TileDB
TileDB copied to clipboard
optimize random read from dense matrix
Tiledb forum won't allow me to put more than two links in the post so I have to switch to here for the advice.
We are currently extend our cytometry tool with tiledb support. Here is the performance comparison between h5 and tiledb. https://rpubs.com/wjiang2/607678
As shown, tiledb automatically beat h5 on s3 , which is great! I am hoping to get better read speed on local storage as well.
I've followed some tips from https://docs.tiledb.com/developer/performance-tips, such as choosing proper tile size and shape. But so far haven't been able to get comparable speed as h5.
A little background of the cytometry data, it is typically dense 2d matrix, each row represents a cell(or event), each column represents one measurement(or channel) for that cell. The typical IO access patterns are random slicing through rows and cols. which is what I benchmarked in that rpub document.
Here is the code where the matrix is written https://github.com/RGLab/cytolib/blob/tiledb/inst/include/cytolib/CytoFrame.hpp#L195-L216
and here is where data is read by selecting certain entire columns https://github.com/RGLab/cytolib/blob/tiledb/inst/include/cytolib/TileCytoFrame.hpp#L418-L452
and here is for both col&row random indexing https://github.com/RGLab/cytolib/blob/tiledb/inst/include/cytolib/TileCytoFrame.hpp#L461-L483
For h5, I am not doing row indexing at h5 level and simply always chunking and reading each entire column and then subsetting in memory.
The R frontend for cytolib is flowWorkspace package https://github.com/RGLab/flowWorkspace/tree/tile
also multithread doesn't seem to affect my results https://github.com/RGLab/cytolib/blob/tiledb/inst/include/cytolib/TileCytoFrame.hpp#L189
The Rmarkdown code should be reproducible. But tiledb branch of both cytolib and flowWorkspace are still at early stage of development, so let me know if you run into trouble of building and running the example code.
I am using TileDB/dev
> tiledb::tiledb_version()
major minor patch
2 0 0
Thanks for the excellent work!
Thanks a lot for the detailed report. We'll certainly dig into your code and see if there is a config issue or an optimization that needs to be done in core.
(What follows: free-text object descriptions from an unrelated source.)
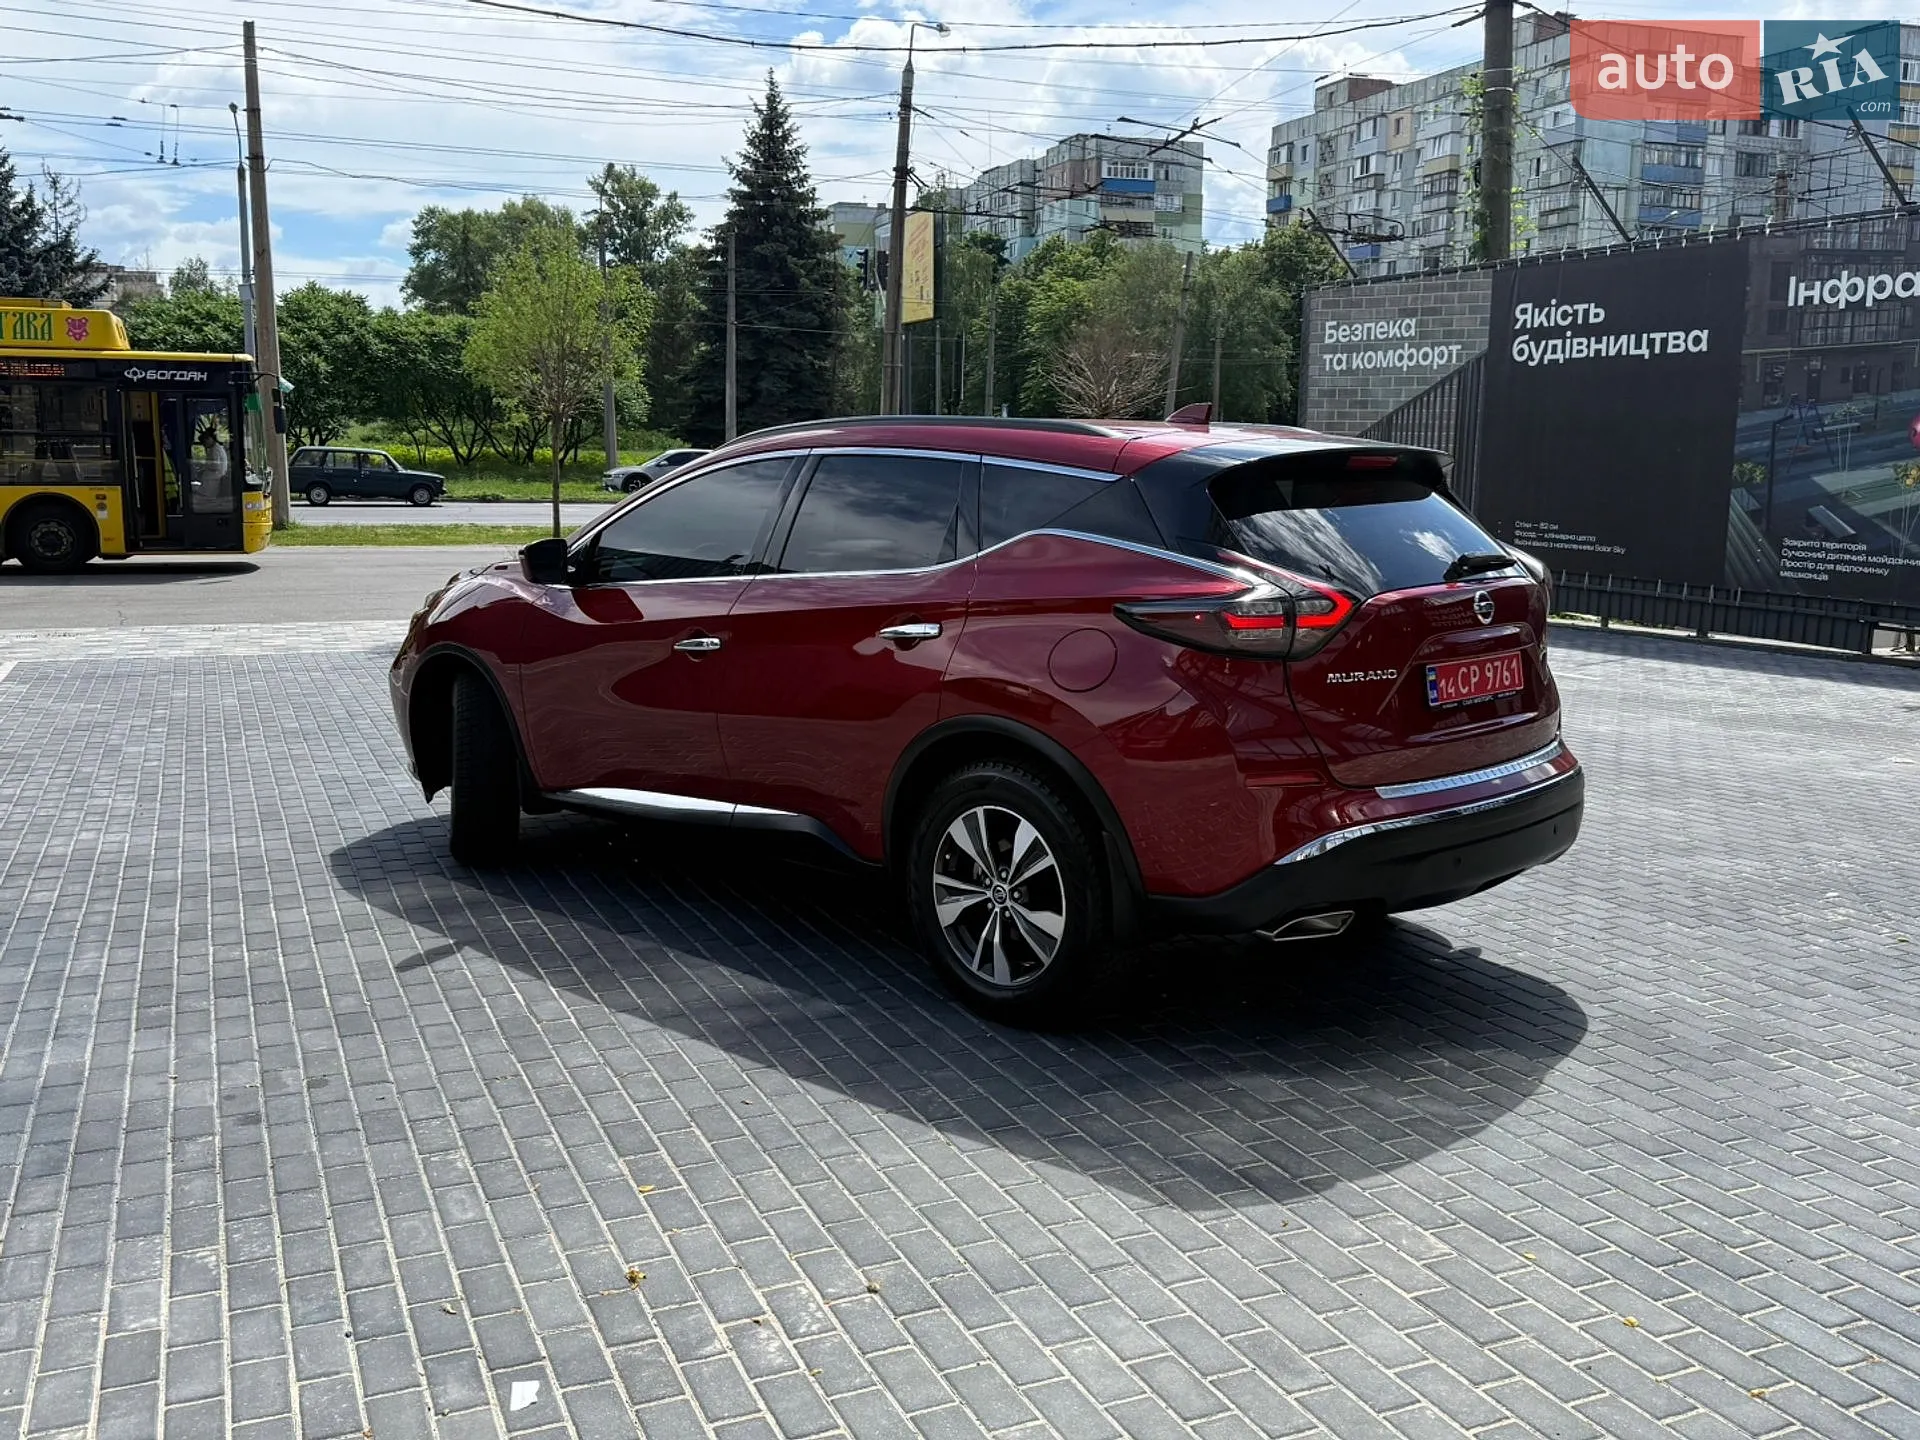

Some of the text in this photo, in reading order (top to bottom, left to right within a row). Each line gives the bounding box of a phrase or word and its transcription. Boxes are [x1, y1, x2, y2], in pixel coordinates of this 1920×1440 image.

[1787, 270, 1920, 309] Інфра
[1514, 298, 1605, 329] Якість
[1324, 318, 1416, 343] Безпека
[1323, 343, 1461, 371] та комфорт
[1511, 329, 1709, 366] будівництва
[146, 369, 208, 381] БОГДАН
[1780, 559, 1815, 570] Простір
[1327, 669, 1398, 683] MURANO
[1485, 657, 1519, 690] 9761
Please allow for a couple of days as we are preparing for the TileDB 2.0 release this week.
Another related the question: how to efficiently read float array from tiledb into double buffer, right now I have to read it into a temporary float buffer
vector<float> buf(nrow * ncol);
query.set_buffer("mat", buf);
Then manually copy over to the double buffer
arma::Mat<double> data(nrow, ncol);
for(int i = 0; i < nrow * ncol; i++)
data.memptr()[i] = buf[i];
The copying is a significant overhead based on my profiling. I wonder if there is better way. Btw, libhdf5's read API supports read h5 data into any arbitrary type,
dataset.read(data.memptr(), PredType::NATIVE_FLOAT ,memspace, dataspace);
and I believe it is doing the conversion internally, but it is a lot faster than my own copying.
Yeah, we have discussed about this internally. It'd be a great feature. Would you like to open a separate issue about this or post a feature request at https://tiledb.canny.io/? We'll be happy to add it to our roadmap.
Done. see #1633
Thank you!